Aceptar a Nadal quizá sea tarea de Roger Federer y Novak Djokovic, dos hombres expoliados por lo inefable, la mayor gesta del tenis español jamás vista. Quizá, cuando el retiro venga en forma de años sosegados, el pensamiento se vaya a enero de 2022, el momento en el que el 20 se convirtió en un horizonte sobrepasado por un tenista desenfrenado.

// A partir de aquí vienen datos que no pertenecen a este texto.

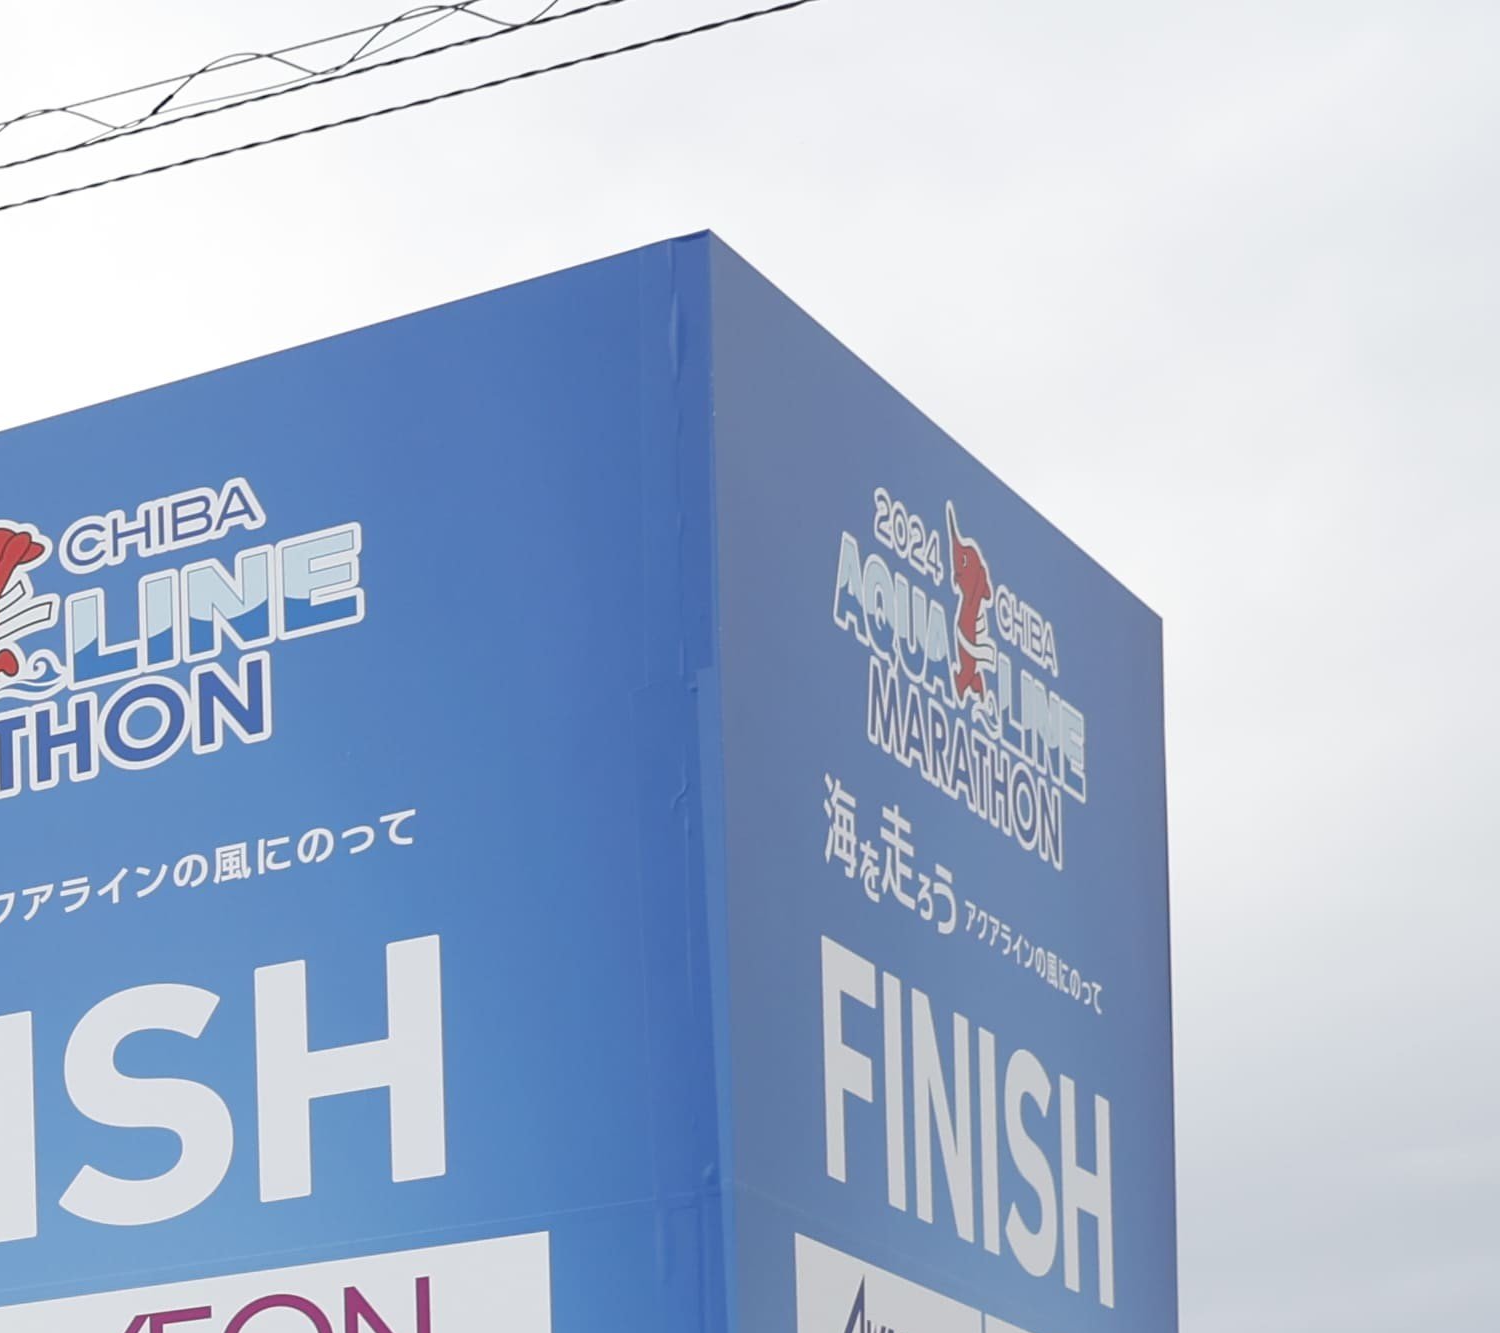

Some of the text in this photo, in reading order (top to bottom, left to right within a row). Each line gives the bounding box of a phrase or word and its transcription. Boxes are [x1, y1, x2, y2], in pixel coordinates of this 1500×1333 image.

Aceptar a Nadal es para aquellos que gocen del coraje como para pensar que lo que vieron nuestros ojos es real y alcanzable. Porque el legado del manacorí, especialmente en Roland Garros, es absolutamente insultante. Ni Bill Tilden, ni Rod Laver, ni cualquiera que haga memoria y busque en los libros de Historia de este deporte hallará semejante proeza cuantificable, máxime sobre arcilla.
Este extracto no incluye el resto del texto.